B.C. Assessment bears this out: its most recent numbers say the land is worth $3.807 million and the house only $314,000.

Adderson is the woman behind  Vancouver Vanishes, a Facebook blog that highlights all the houses that are being turned to rubble across the city.

A terrible irony, she says, is that character homes were built with old growth wood and, if cared for, will be still standing 100 years from now. The City of Vancouver pegs the lifespan of a modern house at 60 years, although it’s more likely 30, Adderson says. That’s if the house can withstand the pressures of today’s housing market. Not far from her, a house that was built 11 years ago has already been torn down to make room for a bigger one.

“It boggles the mind,” she says. Because zoning laws do nothing to prevent it, she says, we’re about to perpetuate today’s housing crisis for generations. “We’ll be in a constant cycle of throw-away housing.”

She doesn’t blame the owners. If the buyer of 4255 West 12th had been told he couldn’t build a bigger house, he would have found a younger house to tear down. Her ire is focused on the city which even in its new character home review, does nothing to protect houses like the one on West 12th.

“I think the city just pulled a fast one on everyone.”

4255 West 12th Jan Kidnie
At the April 9 wake, Jan Kidnie read out the names of everyone who had lived at 4255 West 12th. - Clare Cullen

Adderson attended a neighbourhood wake for 4255 West 12th on April 9. Her message to the 60 or so people who turned up to offer their condolences: speak out.

“I blame us for not insisting that we have the laws to stop it,” she says. “If we value things we have to put the laws in place.”

Organizers of the wake agree. Up to 60 people came to the wake, many of them asking to be put on a mailing list for a new group called Heritage Action. In their first email newsletter, Clare Cullen and Les Leader write, “It is so gratifying that, from the ashes of the lovely house whose demolition we mourned on Sunday, this enthusiasm has arisen in us all to stop the rampant destruction of houses that contribute to the very soul of our neighbourhood. So the loss of that house was not for naught.”

They add that when the city consulted residents about its character home zoning review, there was “75% support for “increased flexibility in zoning to support character home retention and significant support in three of the four study areas (64%,68%,75%). Despite the fact that more than 5,500 people signed a 2014 petition also asking for a form a rezoning (), the Director of Planning removed rezoning from the Character Home Zoning Review.  Zoning is the only effective means of slowing demolitions.”
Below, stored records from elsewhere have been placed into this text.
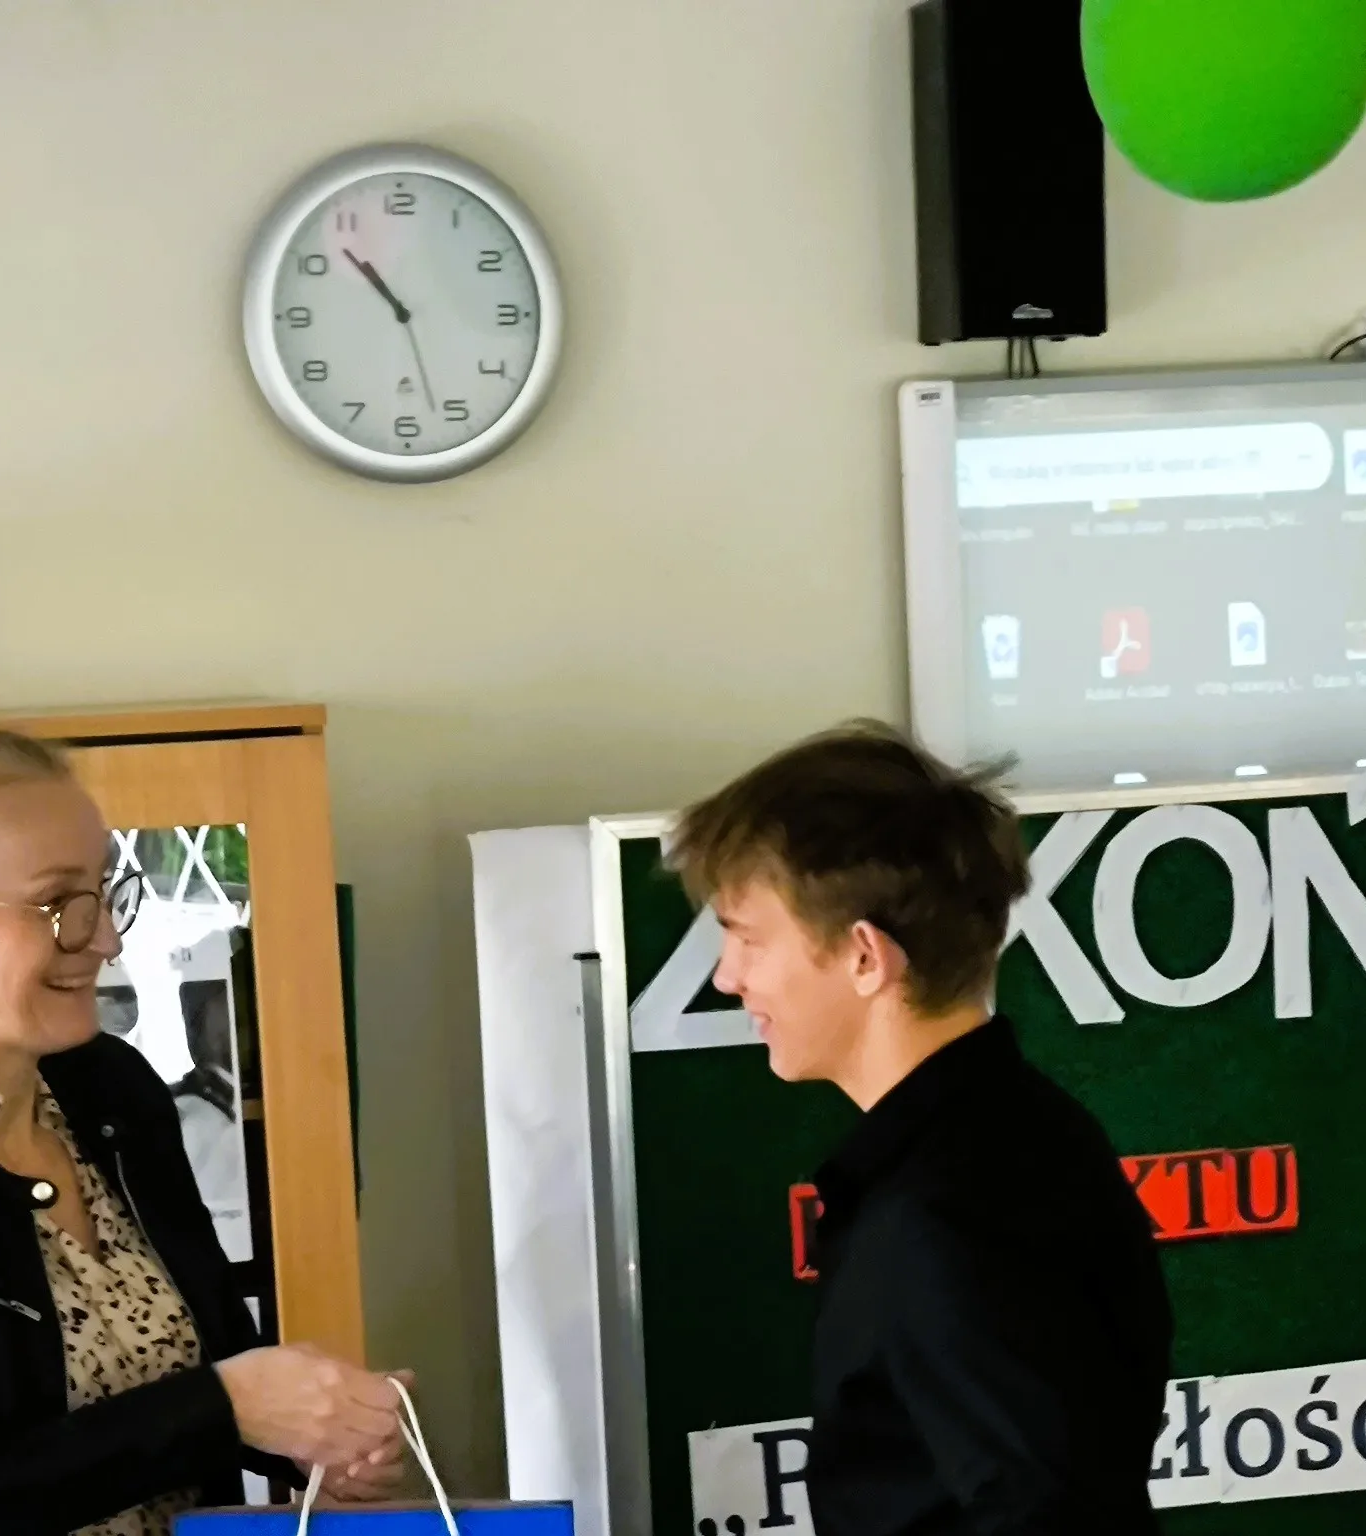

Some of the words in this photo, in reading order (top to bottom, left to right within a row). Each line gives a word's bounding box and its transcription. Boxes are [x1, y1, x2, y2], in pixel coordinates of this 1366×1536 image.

[384, 193, 416, 215] 12
[297, 254, 328, 276] 10
[477, 250, 502, 272] 2
[286, 306, 311, 328] 9
[497, 304, 519, 326] 3
[302, 360, 328, 381] 8
[478, 360, 504, 378] 4
[342, 402, 365, 422] 7
[443, 400, 469, 422] 5
[394, 416, 420, 437] 6
They are organizing a community workshop with local historian John Atkin. If you want to be added to the mailing list you can email Leader at lleader@telus.net.

On the Vanishing Vancouver Facebook page, Adderson encourages people to link to “Stop the demolitions” which tells them how to lobby politicians to get rezoning back in the heritage action plan.

4255 West 12th Vagelotos
When Karen and Jerry Vagelotos owned 4255 West 12th, it wasn't just a house. It was the first home for their four children. - Jim Jorgenson

Also at the wake were Karen and Jerry Vagelotos. They were newly married when they bought the house in 1976. Both landscape architects at the time, they loved not only the house but its large lot. They took on the house and garden as a project. When each of their four children were born, they came home to 4255 West 12th.

“It wasn’t just a house — it was a home and community,” says Karen, noting that her son’s best man was a friend he met in the neighbourhood daycare. “The community was just awesome and I don’t think you find that as easily these days.”

The family sold the house in 1995 and followed their passion for skiing to Whistler. They drove down on Sunday to join friends, many of whom still live in the neighbourhood.

“It was important that we were there,” Vagelotos adds. “I guess it’s optimistic thinking you’ll have an effect on the outcome but we wanted to show it was important to us. We didn’t expect to have such an emotional reaction. We had gone back to the neighbourhood before and had driven by the house but this was different, knowing that its days were numbered… Jerry had tears in his eyes and I had a lump in my throat.”